How to get intersection-like behavior with SPARQL 1.1's VALUES?

6.2k views Asked by At

Using SPARQL 1.1's values, the following query returns all predicates with Einstein or Knuth as the subject (along with their labels).

PREFIX dbp: <http://dbpedia.org/resource/>

SELECT DISTINCT ?sub ?outpred ?label
{
  VALUES ?sub { dbp:Albert_Einstein dbp:Donald_Knuth }
  ?sub ?outpred [] .
  ?outpred <http://www.w3.org/2000/01/rdf-schema#label> ?label .
}

SPARQL results

Is it possible to use this values feature to expose an intersection rather than a union of the predicates? Or am I misunderstanding what values is for?

EDIT: Clarification

For a simplified example, say there are these triples:

<Einstein>  <influenced>    <John>
<Einstein>  <influenced>    <Knuth>
<Einstein>  <born>          <Mars>
<Einstein>  <died>          <Los Angeles>
<Knuth>     <influenced>    <Kirby>
<Knuth>     <born>          <Mars>
<Knuth>     <wrote>         <TAOCP>
<Knuth>     <drove>         <Truck>

The "union" I'm getting is all unique predicates attached to either subject (line separated for clarity):

|  ?sub    |  ?pred     |
-------------------------
<Einstein>  <influenced>
<Knuth>     <influenced>

<Einstein>  <born>
<Knuth>     <born>

<Einstein>  <died>

<Knuth>     <wrote>

<Knuth>     <drove>

The "intersection" I'm after is all unique predicates common to both subjects:

|  ?sub    |  ?pred     |
-------------------------
<Einstein>  <influenced>
<Knuth>     <influenced>

<Einstein>  <born>
<Knuth>     <born>
1

There are 1 answers

1
Joshua Taylor On BEST ANSWER

The Solutions

You can use a query like this. The trick is to group by the predicate, and only take those predicates for which there are exactly two subjects (Einstein and Knuth).

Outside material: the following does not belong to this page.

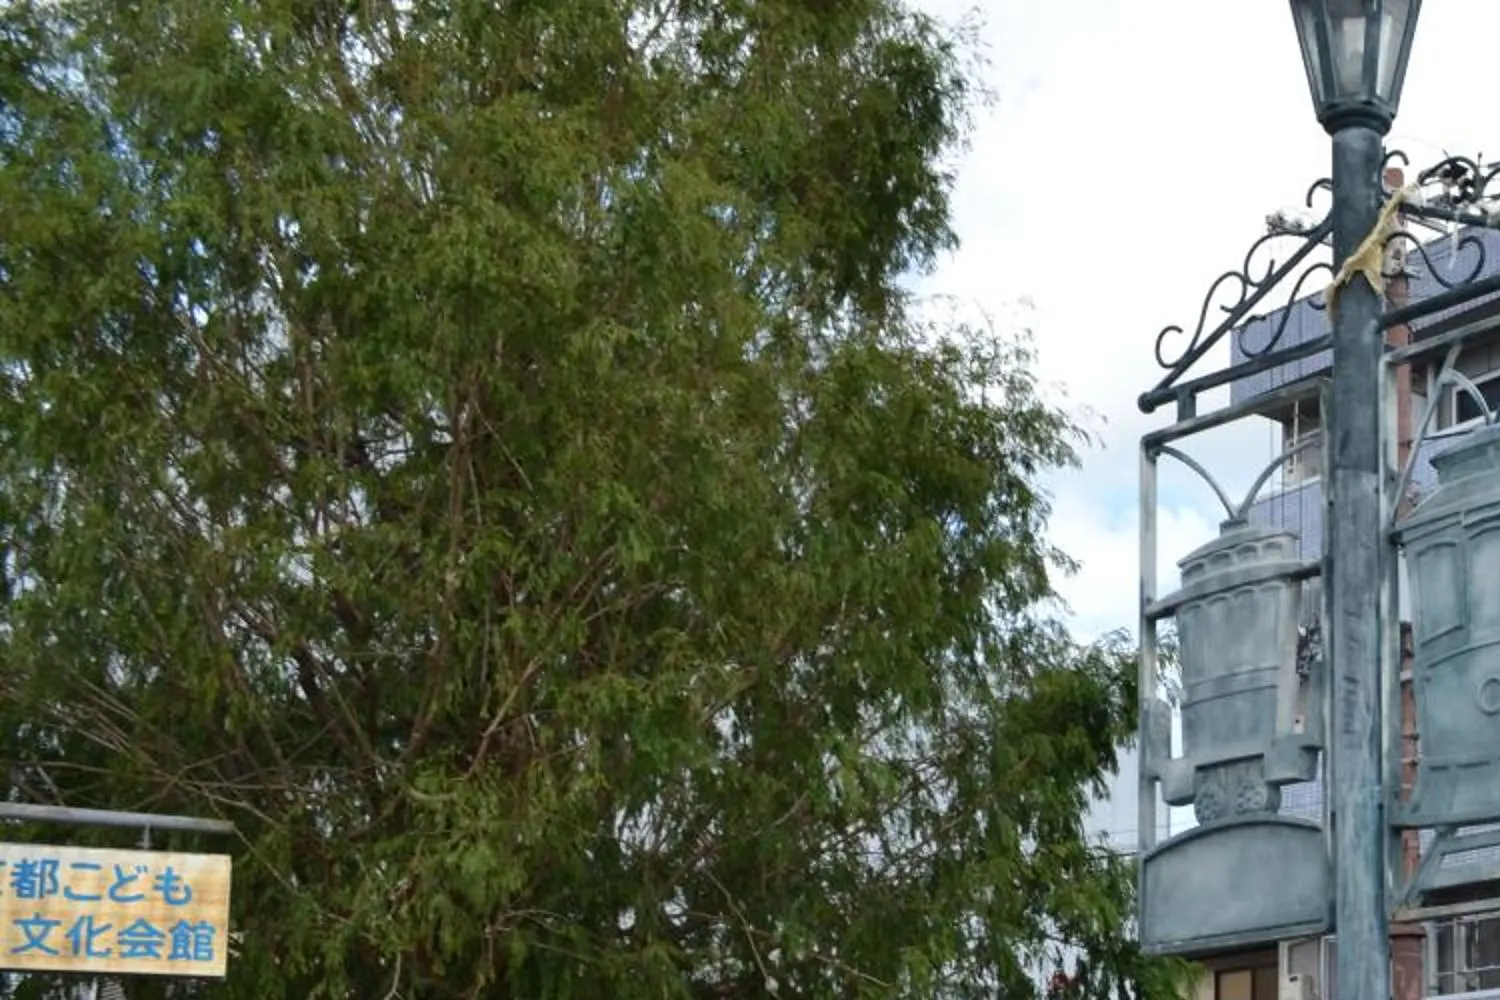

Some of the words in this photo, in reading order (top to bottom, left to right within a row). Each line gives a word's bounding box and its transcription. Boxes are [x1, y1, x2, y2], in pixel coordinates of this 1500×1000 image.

select distinct ?outpred ?label
{
  values ?sub { dbp:Albert_Einstein dbp:Donald_Knuth }
  ?sub ?outpred [] .
  ?outpred <http://www.w3.org/2000/01/rdf-schema#label> ?label .
}
group by ?outpred ?label
having count(distinct ?sub) = 2

Of course, this does require retrieving all the data that you would need for a union, and then condensing it down. I don't expect that that will be much of a problem, but if it is (e.g., if you're trying to take the intersection for lots of subjects), then you can also just list the subjects separately:

select distinct ?outpred ?label
{
  dbp:Albert_Einstein ?outpred [].
  dbp:Donald_Knuth ?outpred [].
  ?outpred <http://www.w3.org/2000/01/rdf-schema#label> ?label .
}

Discussion

Is it possible to use this VALUES feature to expose an intersection rather than a union of the predicates? Or am I misunderstanding what VALUES are for?

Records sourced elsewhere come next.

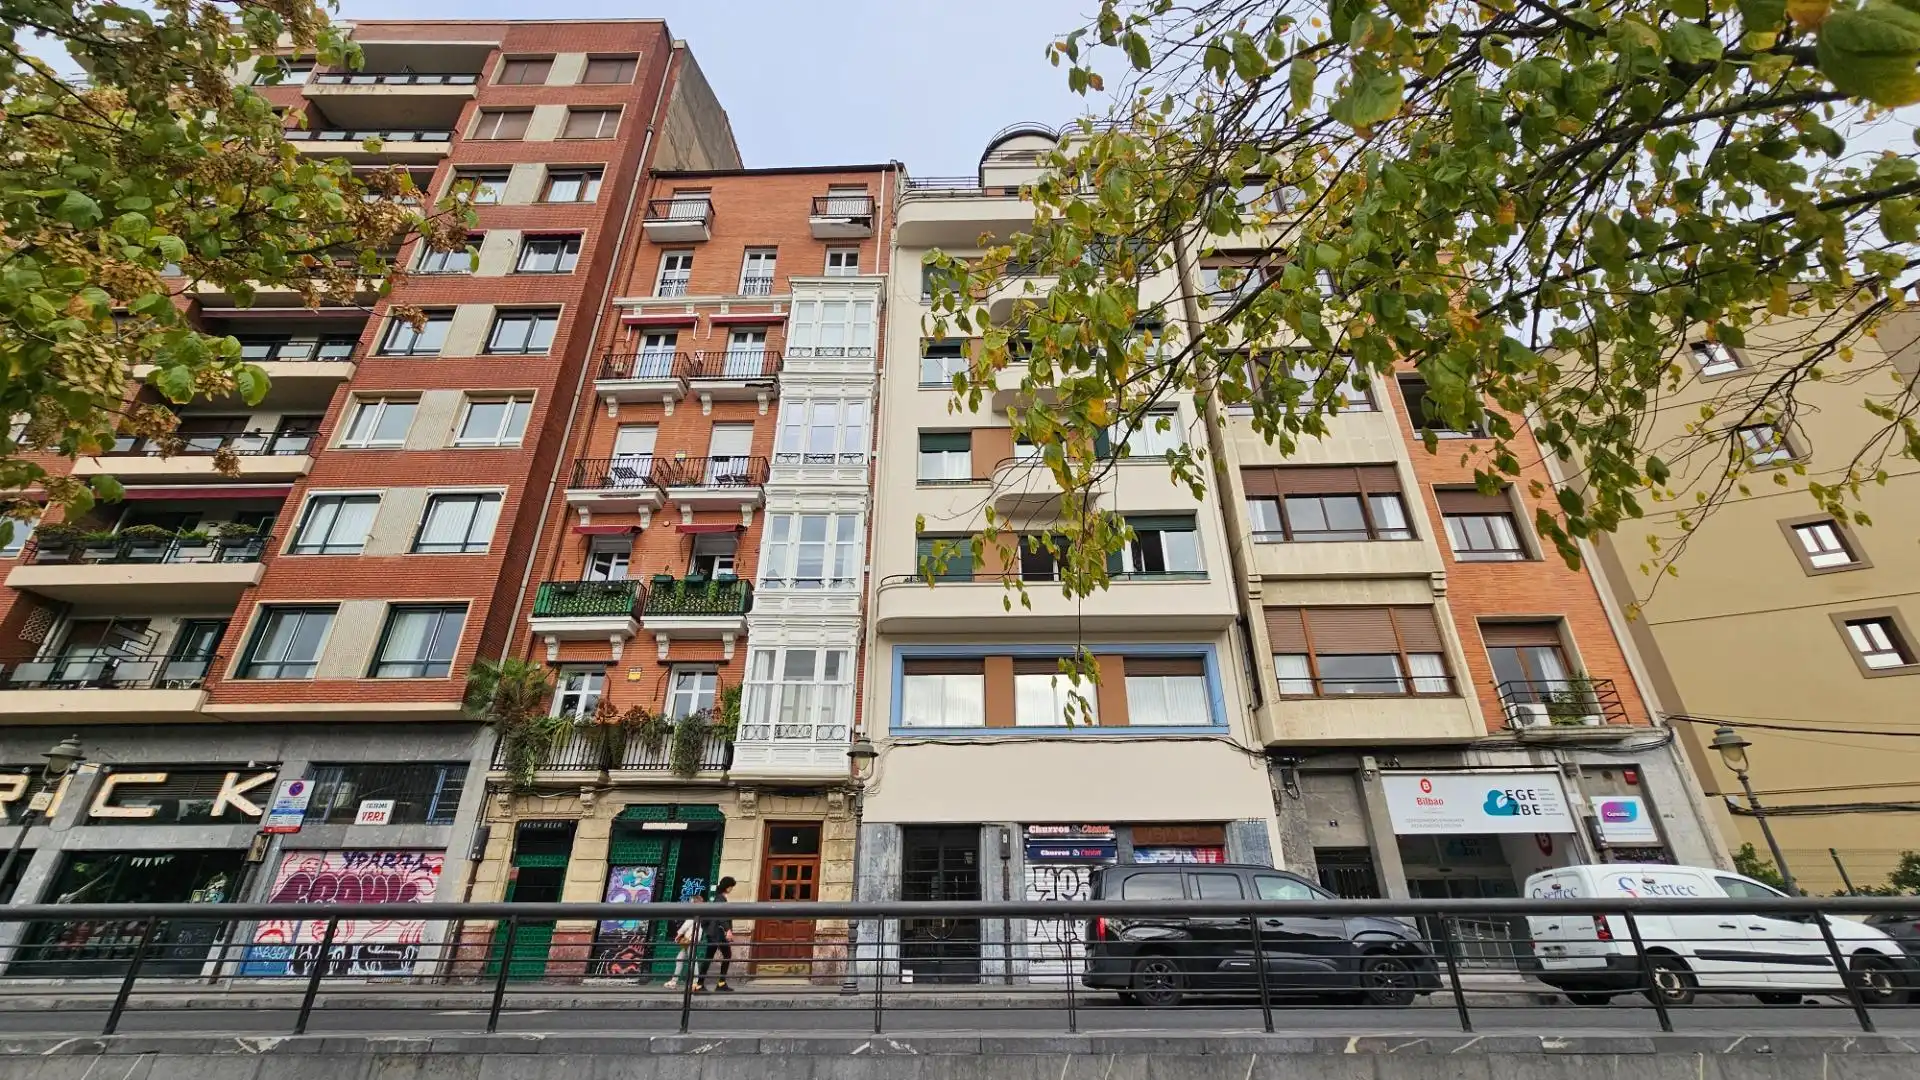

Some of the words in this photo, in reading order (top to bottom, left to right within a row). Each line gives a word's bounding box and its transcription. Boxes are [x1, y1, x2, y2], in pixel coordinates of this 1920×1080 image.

[1504, 789, 1537, 801] EGE
[1416, 797, 1444, 806] Bilbao
[1509, 803, 1542, 816] ZBE
[1028, 824, 1070, 834] Churros
[1040, 849, 1070, 857] Churros

Values essentially is another set of bindings that gets joined with the other bindings, so it can't do intersection for you the way that you'd like. However, to do an "intersection" of the sort you're looking for here isn't too hard:

select distinct ?outpred ?label
{
  dbp:Albert_Einstein ?outpred [] .
  dbp:Donald_Knuth ?outpred [] .
  ?outpred <http://www.w3.org/2000/01/rdf-schema#label> ?label .
}

Now, that said, that could be a lot of triple patterns to write, so you might want some query where the only thing you have to change is a list of values. You can specify the values, and then group by the property and label (i.e., the non-values variables), and just take those solution for which count(distinct ?sub) is the number of values that you specified. E.g.:

select distinct ?outpred ?label
{
  values ?sub { dbp:Albert_Einstein dbp:Donald_Knuth }
  ?sub ?outpred [] .
  ?outpred <http://www.w3.org/2000/01/rdf-schema#label> ?label .
}
group by ?outpre ?label
having count(distinct ?sub) = 2

This way, in order to get count(distinct ?sub) to be 2, you must have had ?sub ?outpred [] match for both ?sub = Einstein and ?sub = Knuth.

Checking the Approach

We can use the DBpedia endpoint to work through these. First, a simplified query:

select distinct ?s ?p where {
  values ?s { dbpedia:Albert_Einstein dbpedia:Donald_Knuth }
  ?s ?p []
}

SPARQL results

s                                             p
http://dbpedia.org/resource/Albert_Einstein   http://www.w3.org/1999/02/22-rdf-syntax-ns#type
http://dbpedia.org/resource/Donald_Knuth      http://www.w3.org/1999/02/22-rdf-syntax-ns#type
http://dbpedia.org/resource/Albert_Einstein   http://www.w3.org/2002/07/owl#sameAs
http://dbpedia.org/resource/Donald_Knuth      http://www.w3.org/2002/07/owl#sameAs
⋮                                            ⋮

Now, it doesn't make sense to ask for an intersection while we're still selecting ?s, because Einstein ≠ Knuth, so there's never any intersection. But we can take an intersection on ?p. Here's a query that gets all the properties for which both have values:

select distinct ?p where {
  dbpedia:Albert_Einstein ?p [] .
  dbpedia:Donald_Knuth ?p []
}

SPARQL results

A similar query counts the results for us:

select (count(distinct ?p) as ?np) where {
  dbpedia:Albert_Einstein ?p [] .
  dbpedia:Donald_Knuth ?p [] .
}

There are 45 properties that they both have.

The group by query is

select distinct ?p where {
  values ?s { dbpedia:Albert_Einstein dbpedia:Donald_Knuth }
  ?s ?p []
}
group by ?p
having count(?s) = 2

Now lets make sure that the other approach gets the same results:

select (count(*) as ?np) where {
  select distinct ?p where {
    values ?s { dbpedia:Albert_Einstein dbpedia:Donald_Knuth }
    ?s ?p []
  }
  group by ?p
  having count(distinct ?s) >= 2
}

This also returns 45, so we see that we get the same results.